··· EXERCISE MATERIALS
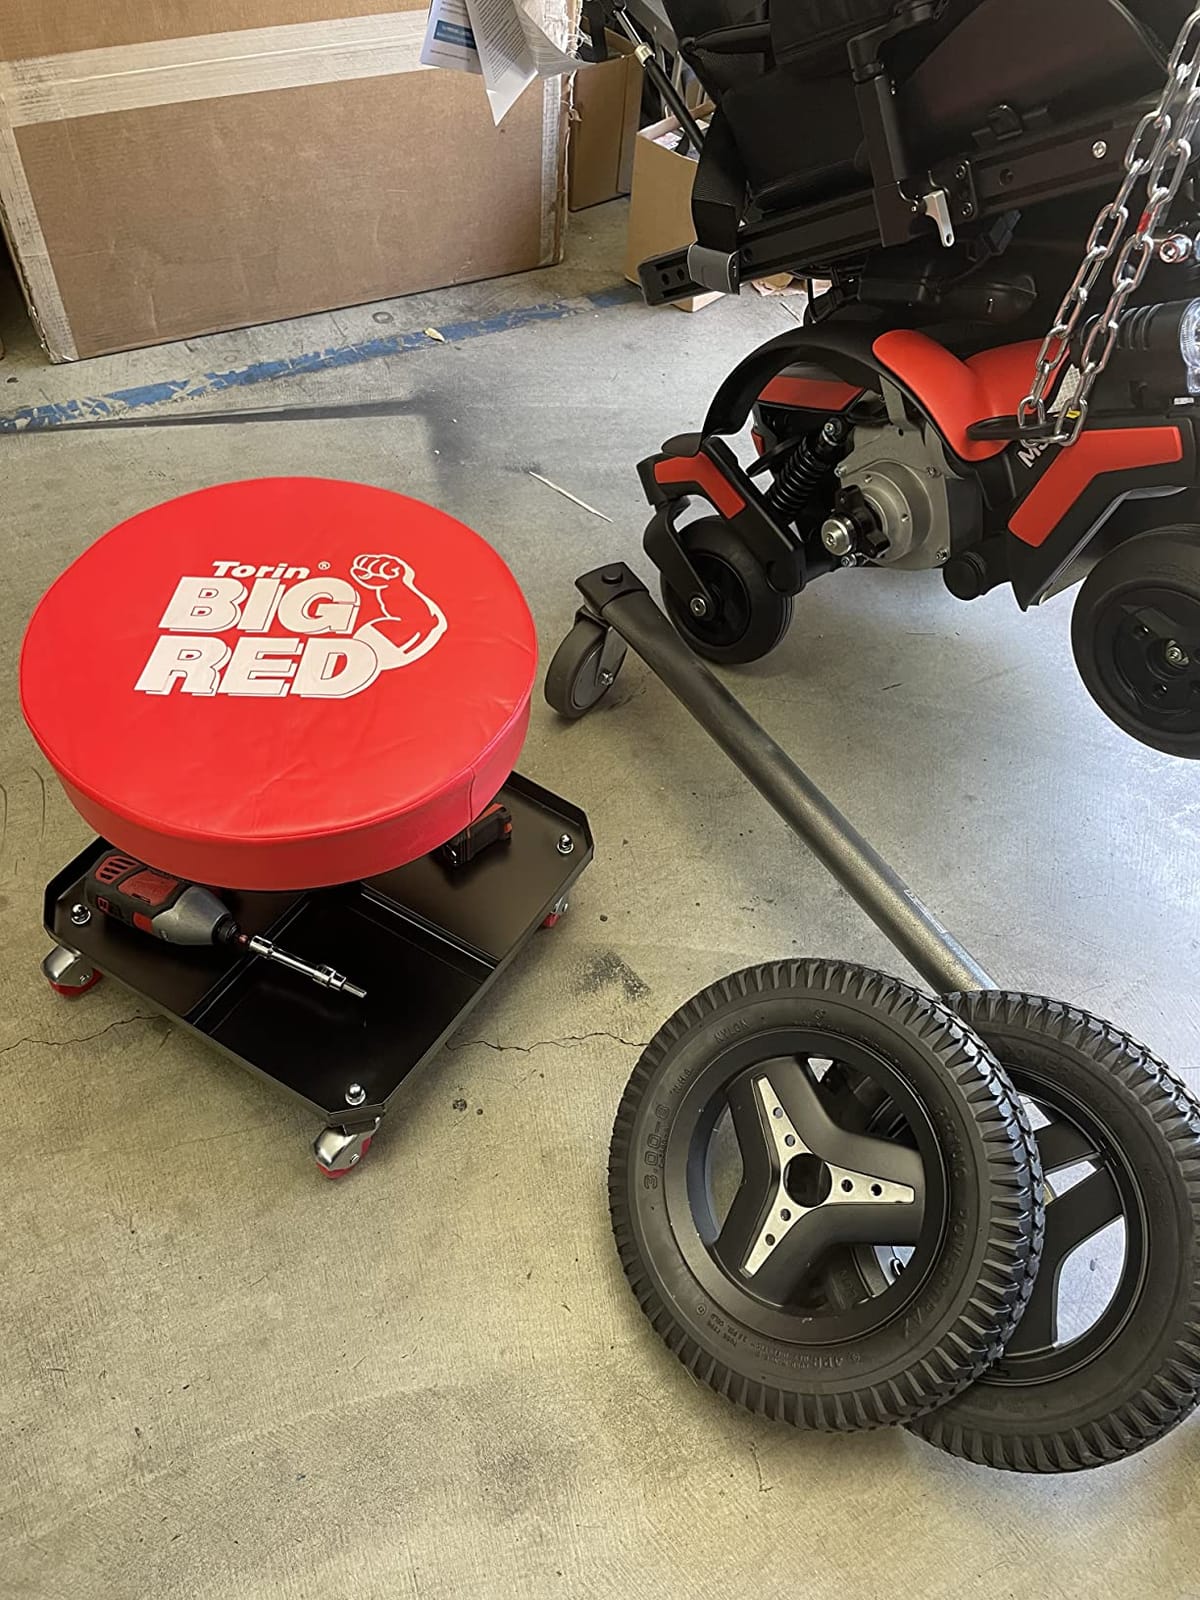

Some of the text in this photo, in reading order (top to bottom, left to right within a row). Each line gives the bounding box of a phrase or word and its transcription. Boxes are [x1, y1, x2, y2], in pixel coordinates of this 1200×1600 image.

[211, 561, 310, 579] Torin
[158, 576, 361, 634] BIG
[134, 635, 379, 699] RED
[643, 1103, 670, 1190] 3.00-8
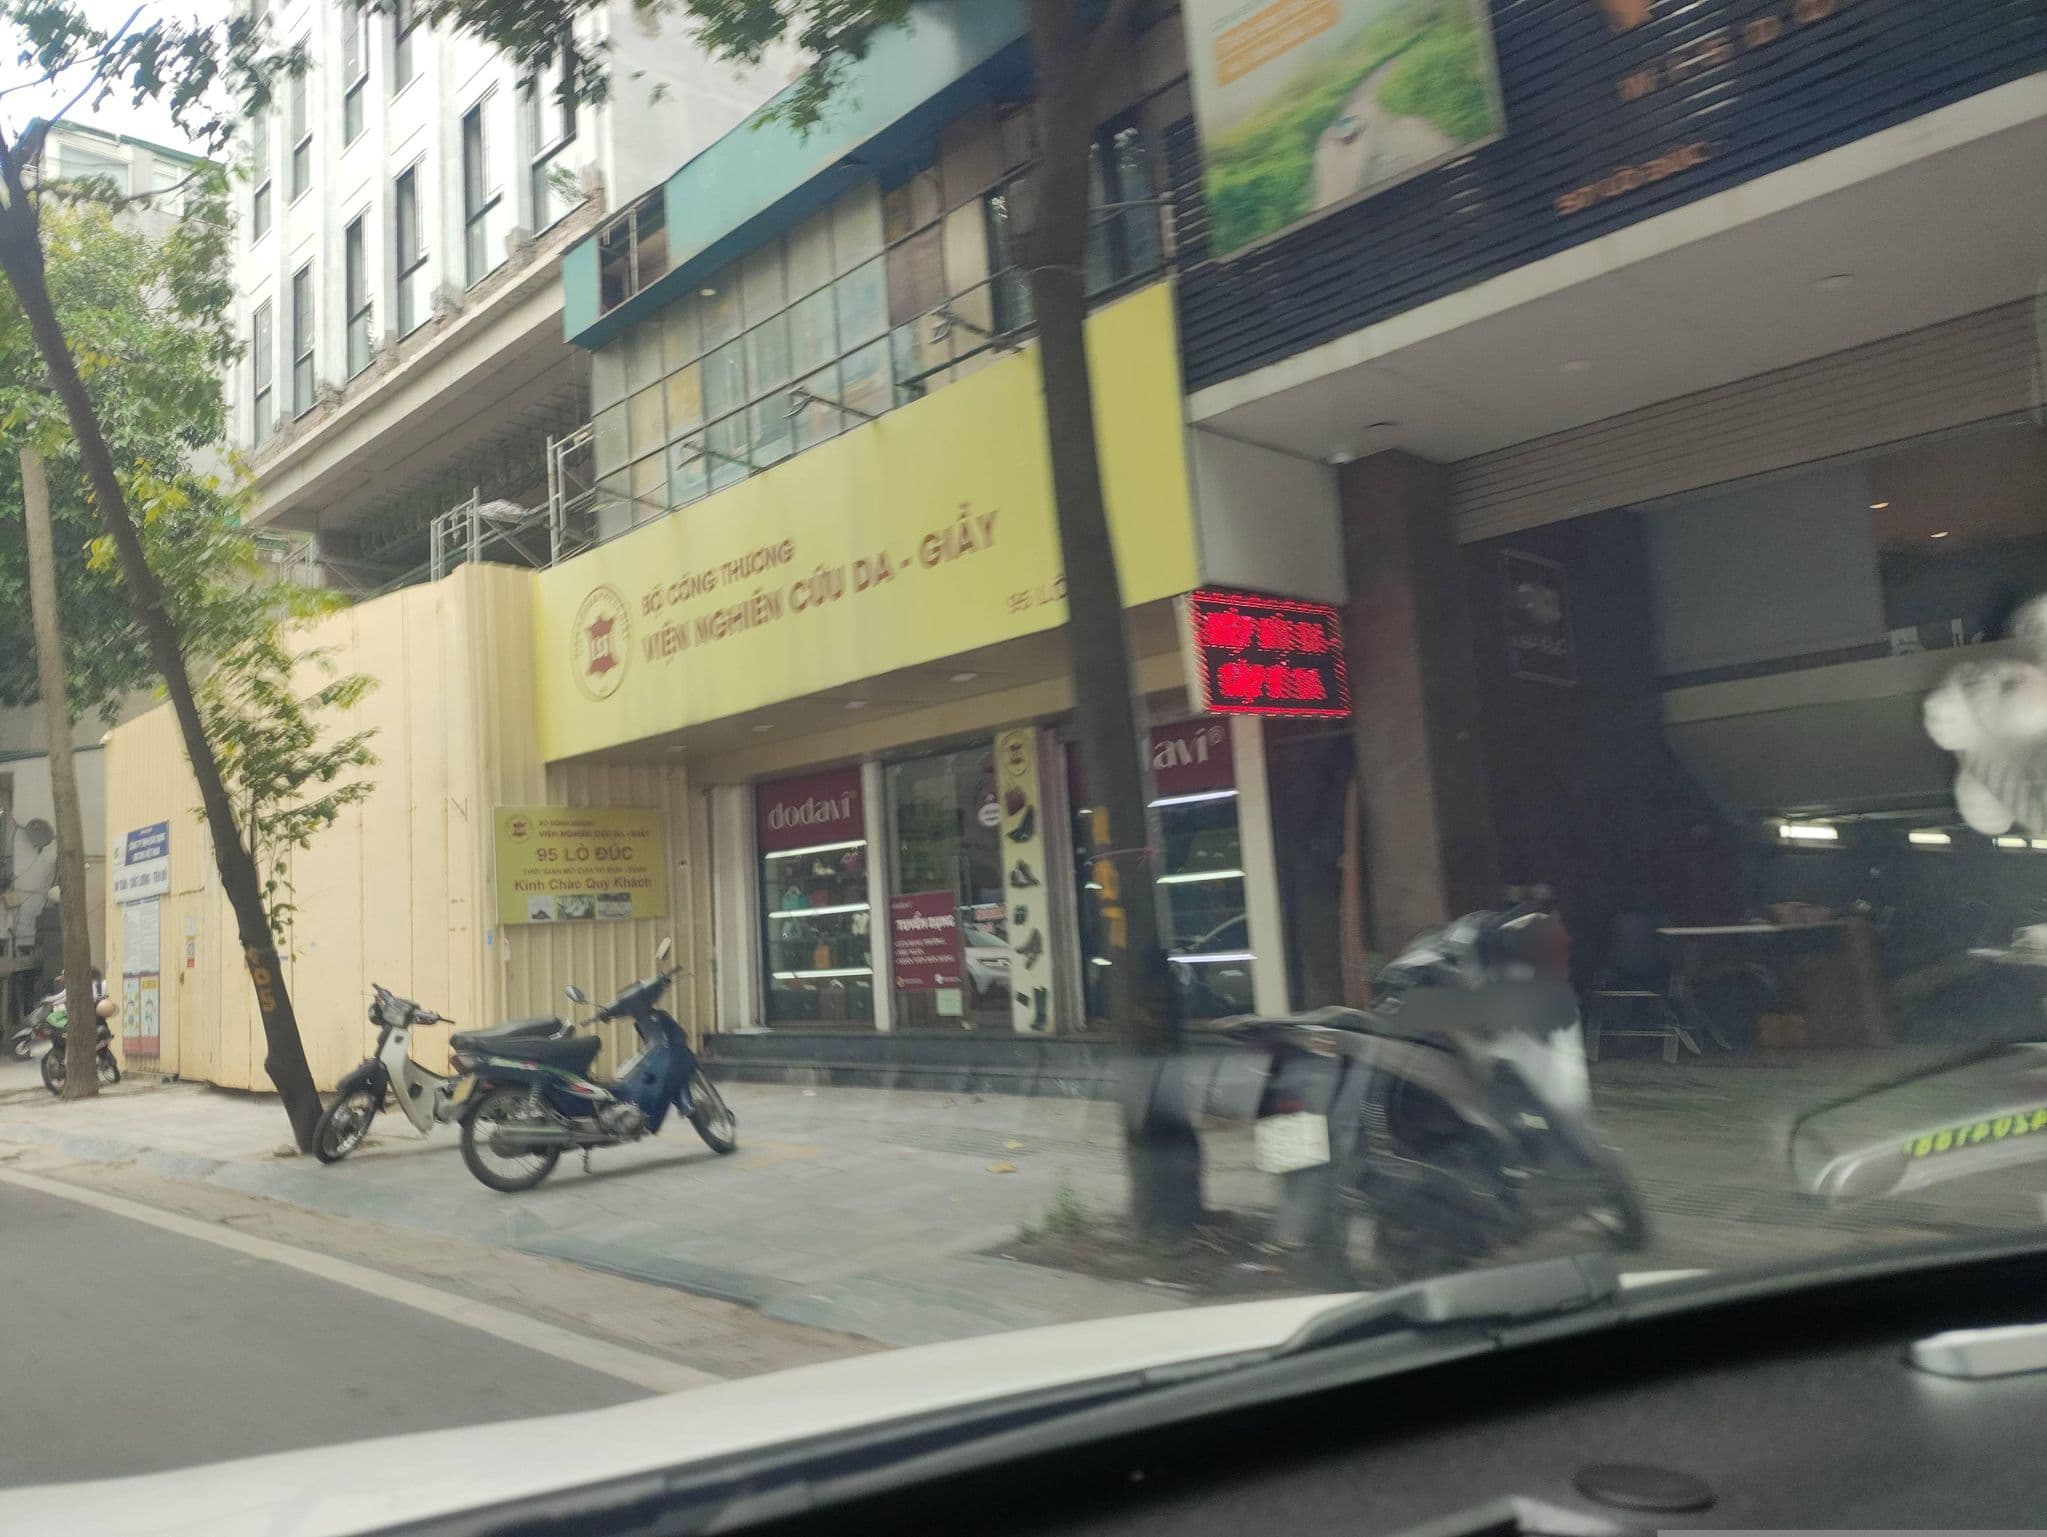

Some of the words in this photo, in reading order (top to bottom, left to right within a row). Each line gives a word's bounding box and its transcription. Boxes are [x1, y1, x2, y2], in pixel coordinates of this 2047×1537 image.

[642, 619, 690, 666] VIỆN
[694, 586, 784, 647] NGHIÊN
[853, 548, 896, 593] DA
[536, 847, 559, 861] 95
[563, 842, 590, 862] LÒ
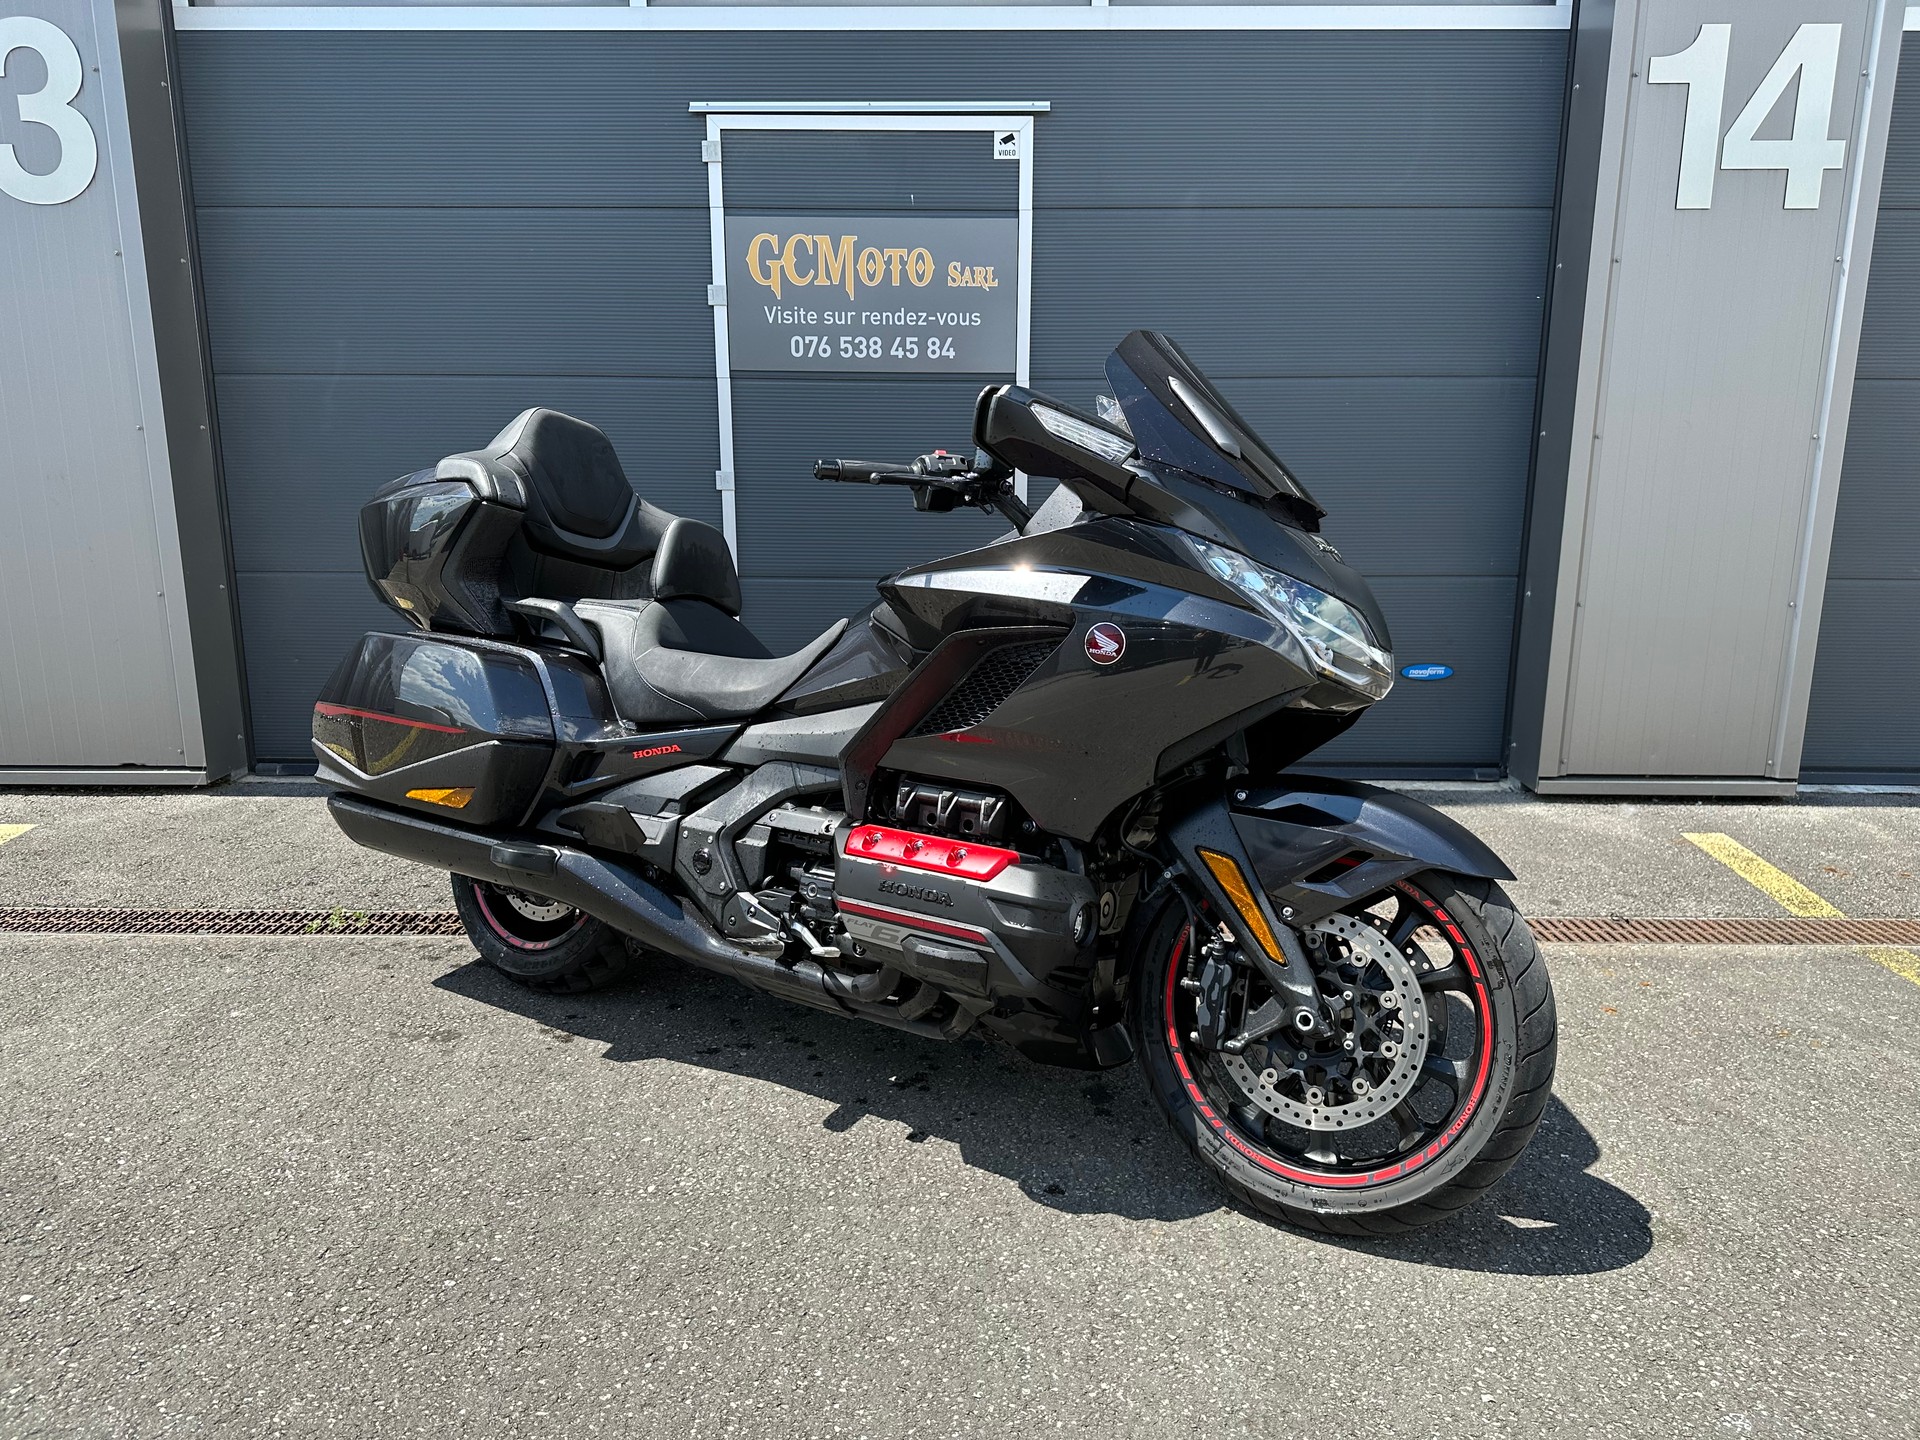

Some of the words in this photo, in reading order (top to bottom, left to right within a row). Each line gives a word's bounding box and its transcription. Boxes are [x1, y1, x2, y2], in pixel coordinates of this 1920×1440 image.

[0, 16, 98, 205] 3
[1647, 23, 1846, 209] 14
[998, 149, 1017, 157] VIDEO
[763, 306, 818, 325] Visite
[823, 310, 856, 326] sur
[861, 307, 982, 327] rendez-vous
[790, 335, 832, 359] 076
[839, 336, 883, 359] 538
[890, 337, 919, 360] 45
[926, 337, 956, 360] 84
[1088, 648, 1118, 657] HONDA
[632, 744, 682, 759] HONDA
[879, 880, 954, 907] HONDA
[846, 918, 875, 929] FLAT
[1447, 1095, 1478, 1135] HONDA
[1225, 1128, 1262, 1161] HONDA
······
**PROBLEM REQUIREMENTS**
With the pictures removed, repeat the listing above exactly as it stands.

**RESPONSE TO THIS EXERCISE**
Some of the text in this photo, in reading order (top to bottom, left to right within a row). Each line gives the bounding box of a phrase or word and its transcription. Boxes are [x1, y1, x2, y2], in pixel coordinates of this 1200×1600 image.

[211, 561, 310, 579] Torin
[158, 576, 361, 634] BIG
[134, 635, 379, 699] RED
[643, 1103, 670, 1190] 3.00-8

Some of the words in this photo, in reading order (top to bottom, left to right within a row). Each line gives a word's bounding box and its transcription. Boxes are [x1, y1, x2, y2], in pixel coordinates of this 2047×1537 image.

[642, 619, 690, 666] VIỆN
[694, 586, 784, 647] NGHIÊN
[853, 548, 896, 593] DA
[536, 847, 559, 861] 95
[563, 842, 590, 862] LÒ

Some of the words in this photo, in reading order (top to bottom, left to right within a row). Each line gives a word's bounding box and its transcription. Boxes are [x1, y1, x2, y2], in pixel coordinates of this 1920×1440 image.

[0, 16, 98, 205] 3
[1647, 23, 1846, 209] 14
[998, 149, 1017, 157] VIDEO
[763, 306, 818, 325] Visite
[823, 310, 856, 326] sur
[861, 307, 982, 327] rendez-vous
[790, 335, 832, 359] 076
[839, 336, 883, 359] 538
[890, 337, 919, 360] 45
[926, 337, 956, 360] 84
[1088, 648, 1118, 657] HONDA
[632, 744, 682, 759] HONDA
[879, 880, 954, 907] HONDA
[846, 918, 875, 929] FLAT
[1447, 1095, 1478, 1135] HONDA
[1225, 1128, 1262, 1161] HONDA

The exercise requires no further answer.